▶ _Work instructions_
Print exactly what appears from the line containing "Some of the text" through the final line of the data below, pictures excluded.

Extracted data below:

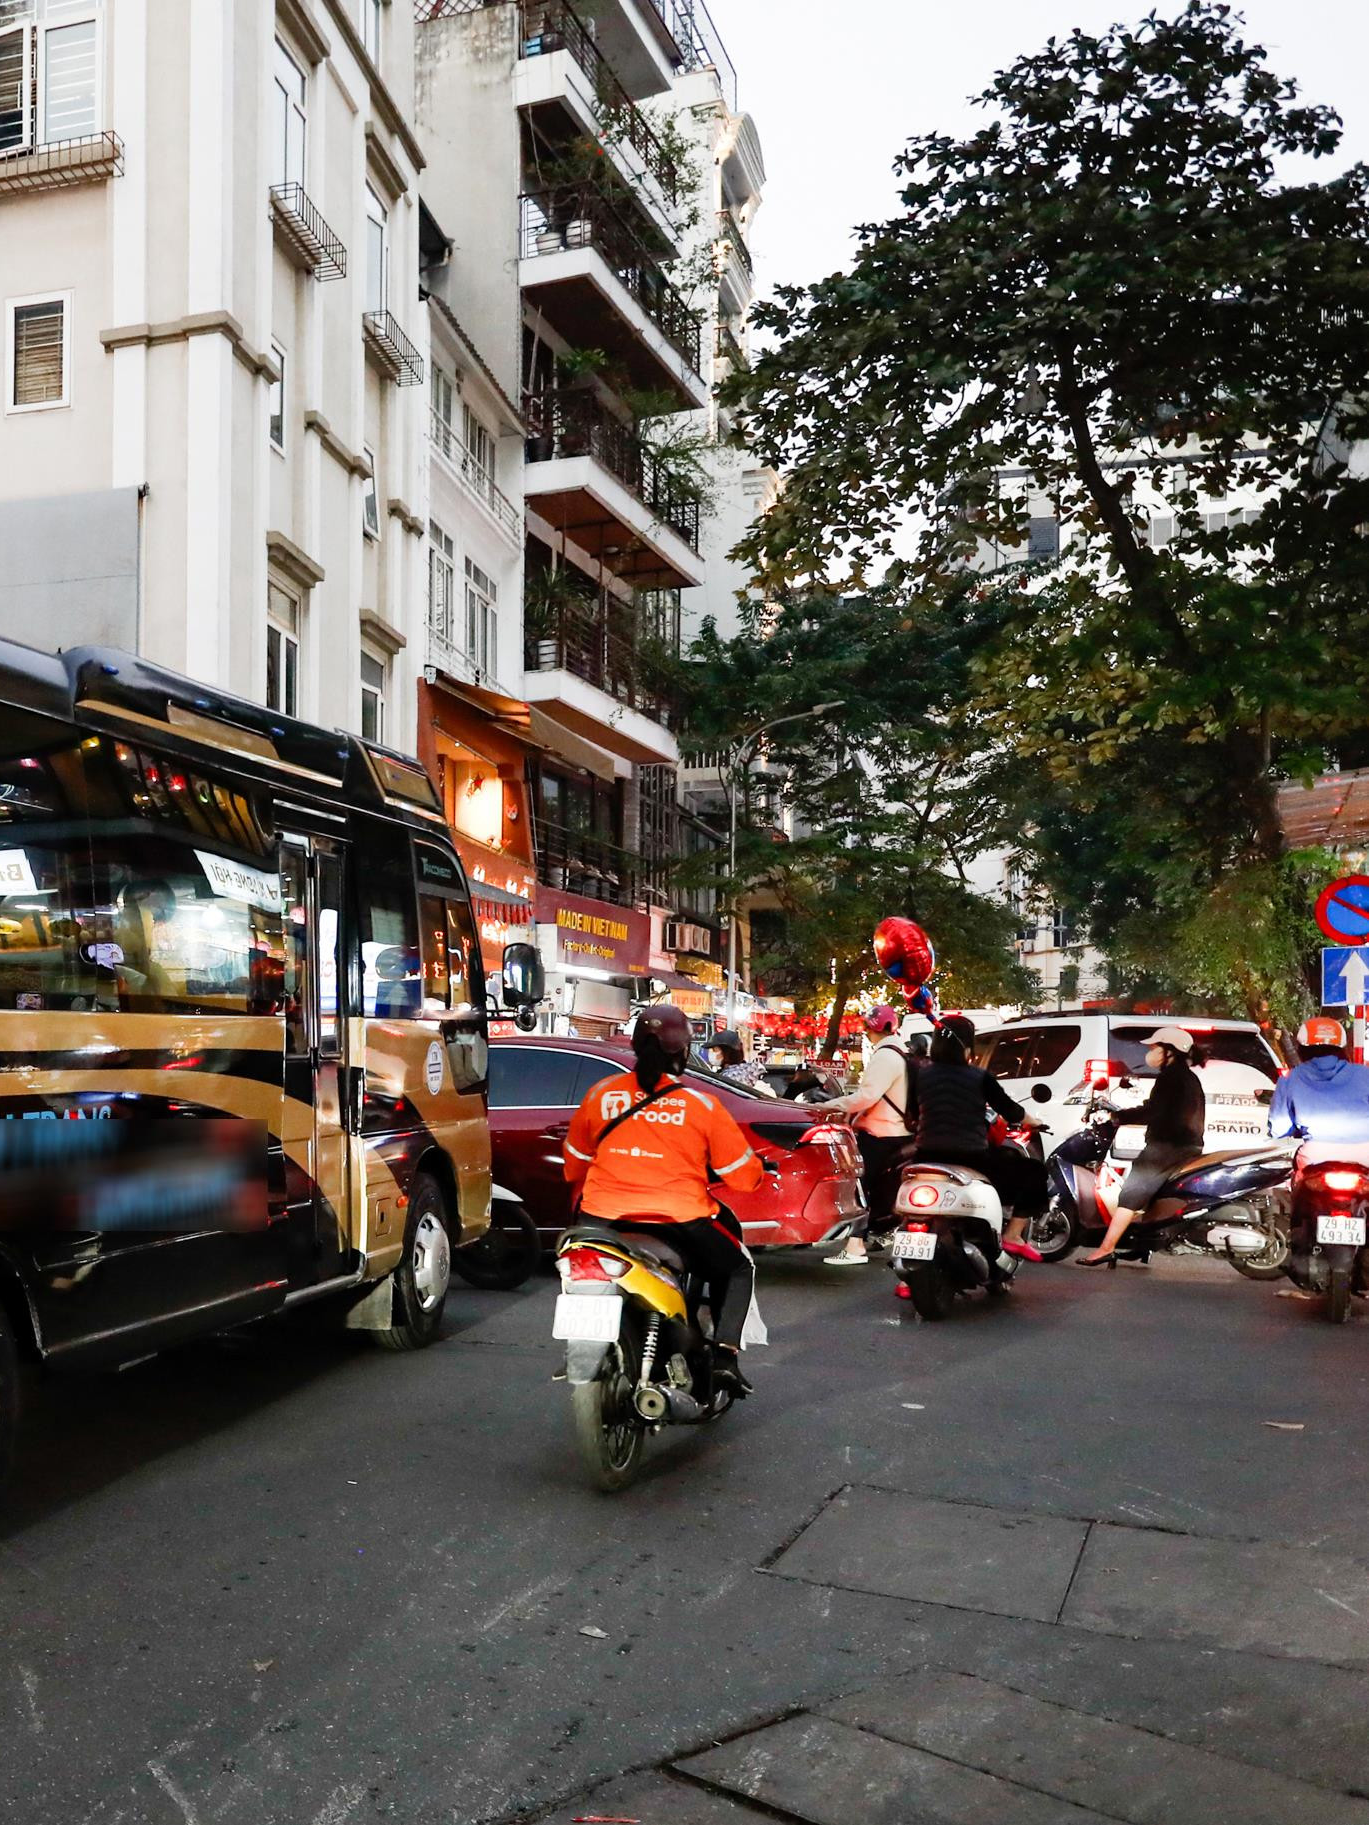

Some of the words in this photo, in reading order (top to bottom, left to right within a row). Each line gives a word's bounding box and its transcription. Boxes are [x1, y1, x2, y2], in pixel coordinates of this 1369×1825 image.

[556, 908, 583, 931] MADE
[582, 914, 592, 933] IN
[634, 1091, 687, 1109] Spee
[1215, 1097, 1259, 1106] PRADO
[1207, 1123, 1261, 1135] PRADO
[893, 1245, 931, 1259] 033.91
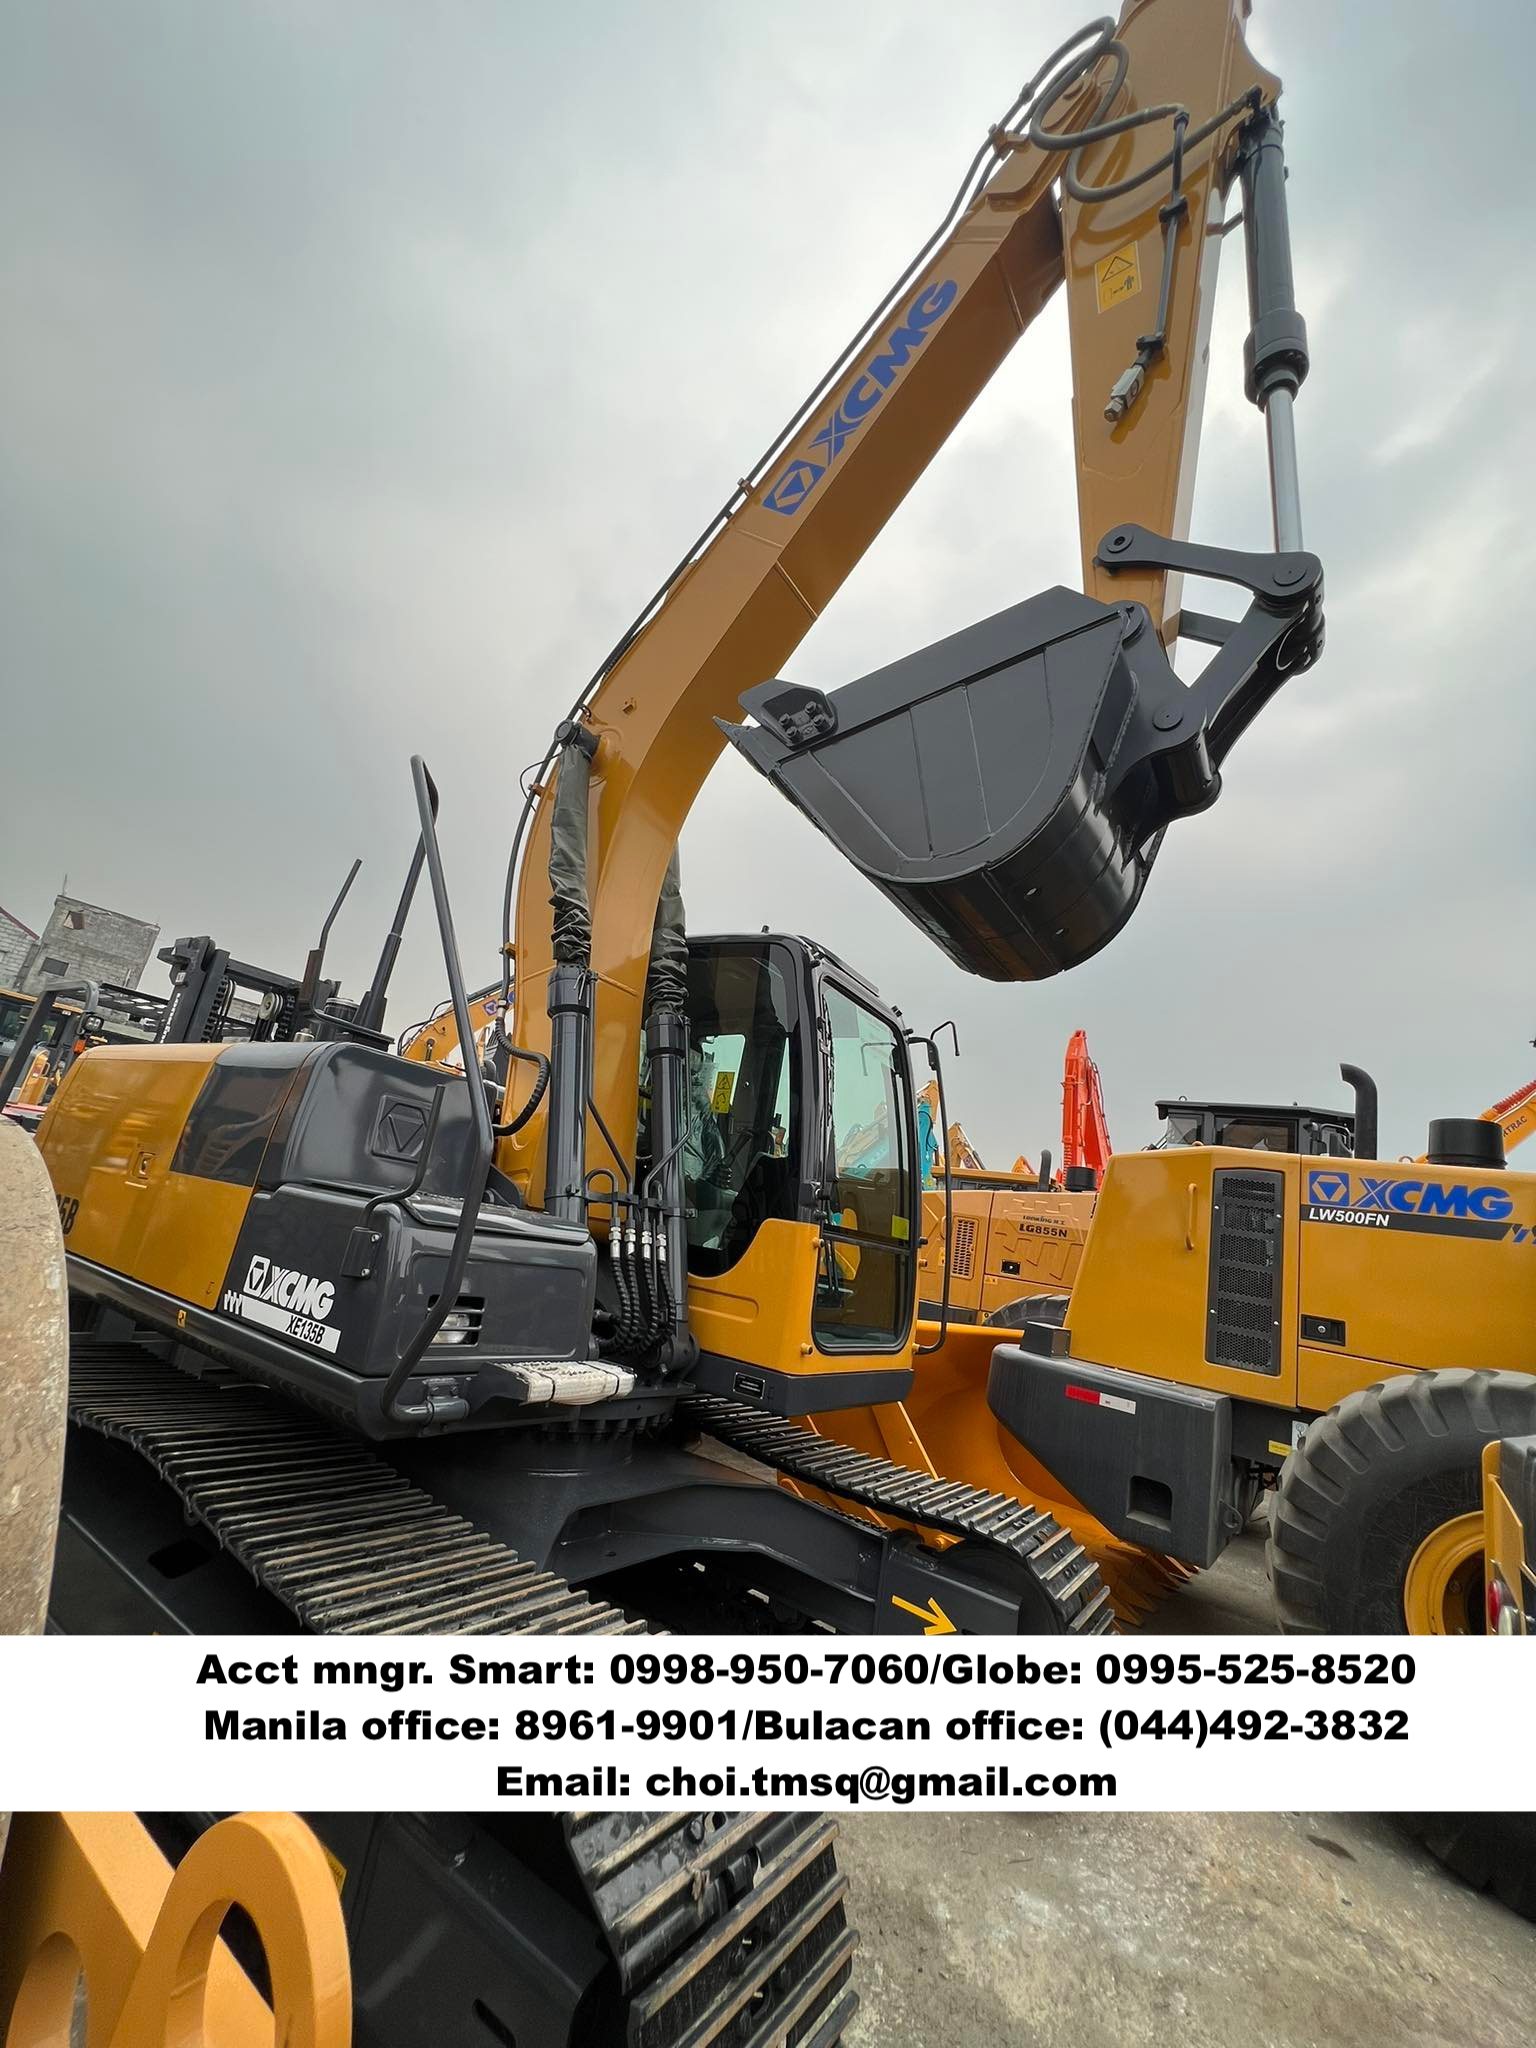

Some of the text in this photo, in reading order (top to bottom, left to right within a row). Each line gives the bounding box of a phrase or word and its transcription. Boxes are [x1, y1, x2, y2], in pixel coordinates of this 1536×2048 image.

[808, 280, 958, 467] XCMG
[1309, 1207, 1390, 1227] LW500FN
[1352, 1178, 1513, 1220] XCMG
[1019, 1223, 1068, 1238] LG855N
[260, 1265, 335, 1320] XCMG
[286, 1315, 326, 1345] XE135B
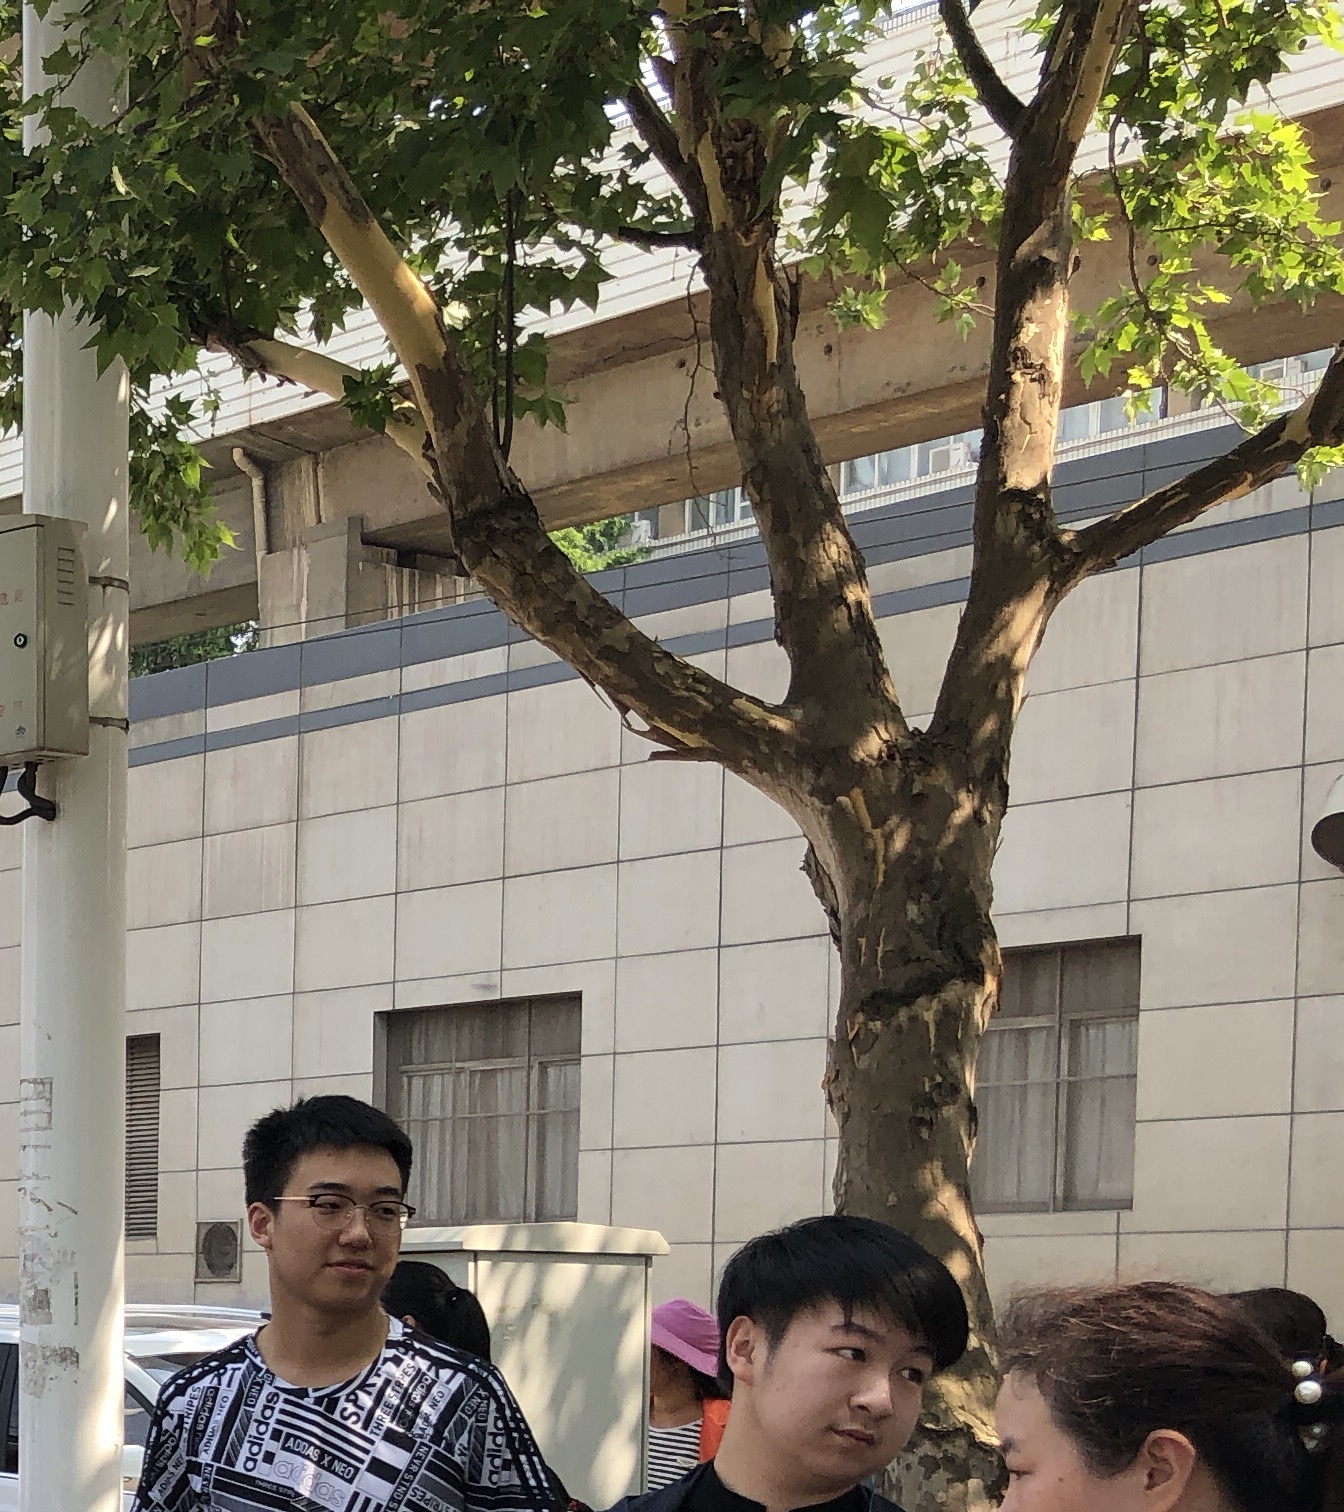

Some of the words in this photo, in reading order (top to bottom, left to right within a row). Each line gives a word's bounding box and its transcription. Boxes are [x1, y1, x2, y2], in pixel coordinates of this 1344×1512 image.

End of Extracted data.

▶ _Written response_
Some of the text in this photo, in reading order (top to bottom, left to right within a row). Each line gives the bounding box of a phrase or word and its transcription. Boxes are [x1, y1, x2, y2], in pixel coordinates of this 1536×2048 image.

[808, 280, 958, 467] XCMG
[1309, 1207, 1390, 1227] LW500FN
[1352, 1178, 1513, 1220] XCMG
[1019, 1223, 1068, 1238] LG855N
[260, 1265, 335, 1320] XCMG
[286, 1315, 326, 1345] XE135B

Some of the words in this photo, in reading order (top to bottom, left to right within a row). Each line gives a word's bounding box and its transcription. Boxes are [x1, y1, x2, y2], in pixel coordinates of this 1344×1512 image.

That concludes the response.